*** Supplied records ***

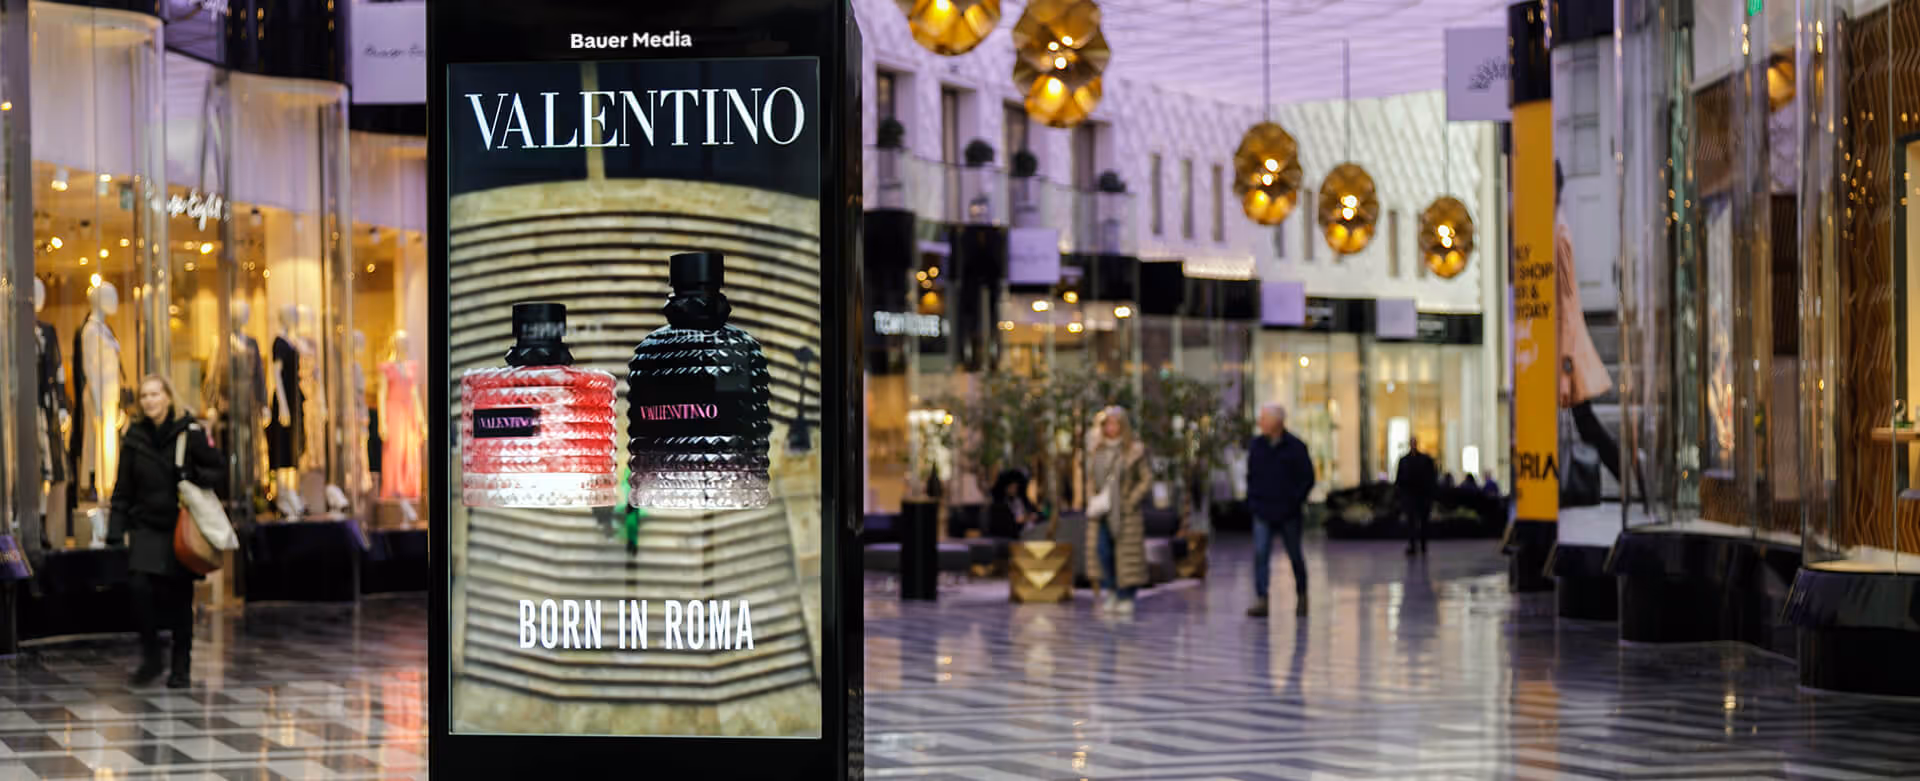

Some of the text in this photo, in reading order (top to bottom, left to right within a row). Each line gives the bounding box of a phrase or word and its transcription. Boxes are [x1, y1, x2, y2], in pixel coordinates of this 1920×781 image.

[570, 30, 692, 49] Bauer Media
[464, 86, 806, 151] VALENTINO
[640, 403, 718, 420] VALENTINO
[518, 598, 755, 650] BORN IN ROMA
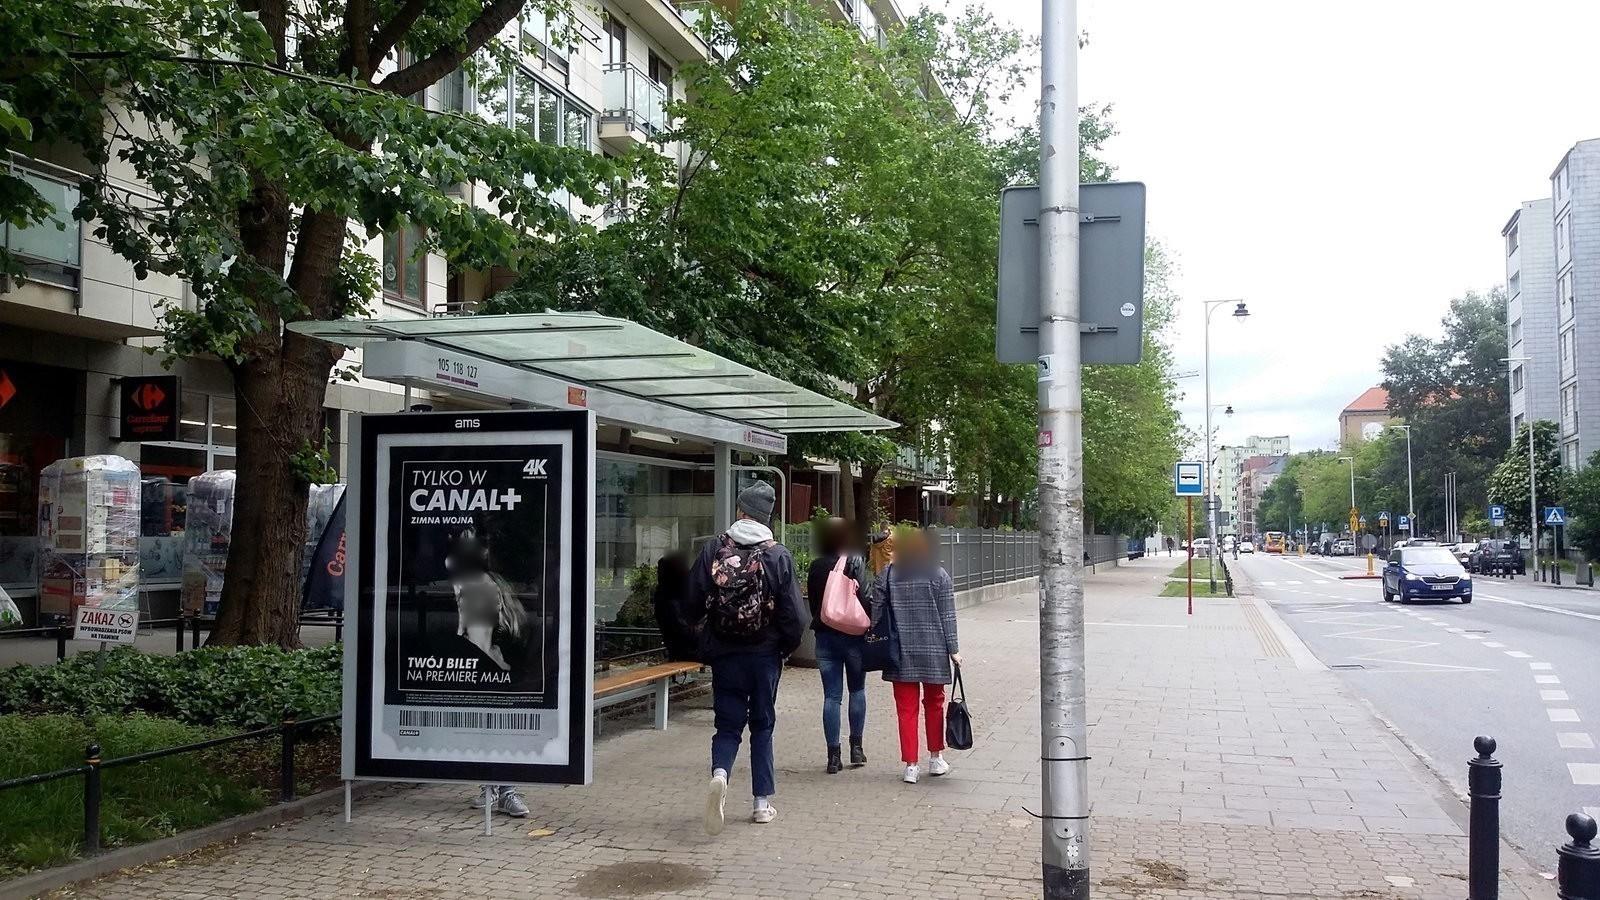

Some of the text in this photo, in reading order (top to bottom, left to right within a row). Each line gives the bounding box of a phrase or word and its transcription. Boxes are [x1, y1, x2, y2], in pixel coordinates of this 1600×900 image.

[438, 358, 478, 379] 105 118 127
[455, 418, 480, 429] ams
[523, 459, 548, 475] 4K
[412, 470, 487, 486] TYLKO W
[409, 488, 522, 511] CANAL+
[411, 516, 474, 524] ZIMNA WOJNA
[1492, 507, 1501, 519] P
[80, 611, 115, 626] ZAKAZ
[408, 655, 479, 669] TWÓJ BILET
[407, 670, 511, 684] NA PREMIERĘ MAJA

*** End of Supplied records ***

**Requirement:** An exact copy of every line from the one containing "this 1600×900 image." through the last line of the entries is required; please add nothing.

**Written response:**
Some of the text in this photo, in reading order (top to bottom, left to right within a row). Each line gives the bounding box of a phrase or word and its transcription. Boxes are [x1, y1, x2, y2], in pixel coordinates of this 1600×900 image.

[438, 358, 478, 379] 105 118 127
[455, 418, 480, 429] ams
[523, 459, 548, 475] 4K
[412, 470, 487, 486] TYLKO W
[409, 488, 522, 511] CANAL+
[411, 516, 474, 524] ZIMNA WOJNA
[1492, 507, 1501, 519] P
[80, 611, 115, 626] ZAKAZ
[408, 655, 479, 669] TWÓJ BILET
[407, 670, 511, 684] NA PREMIERĘ MAJA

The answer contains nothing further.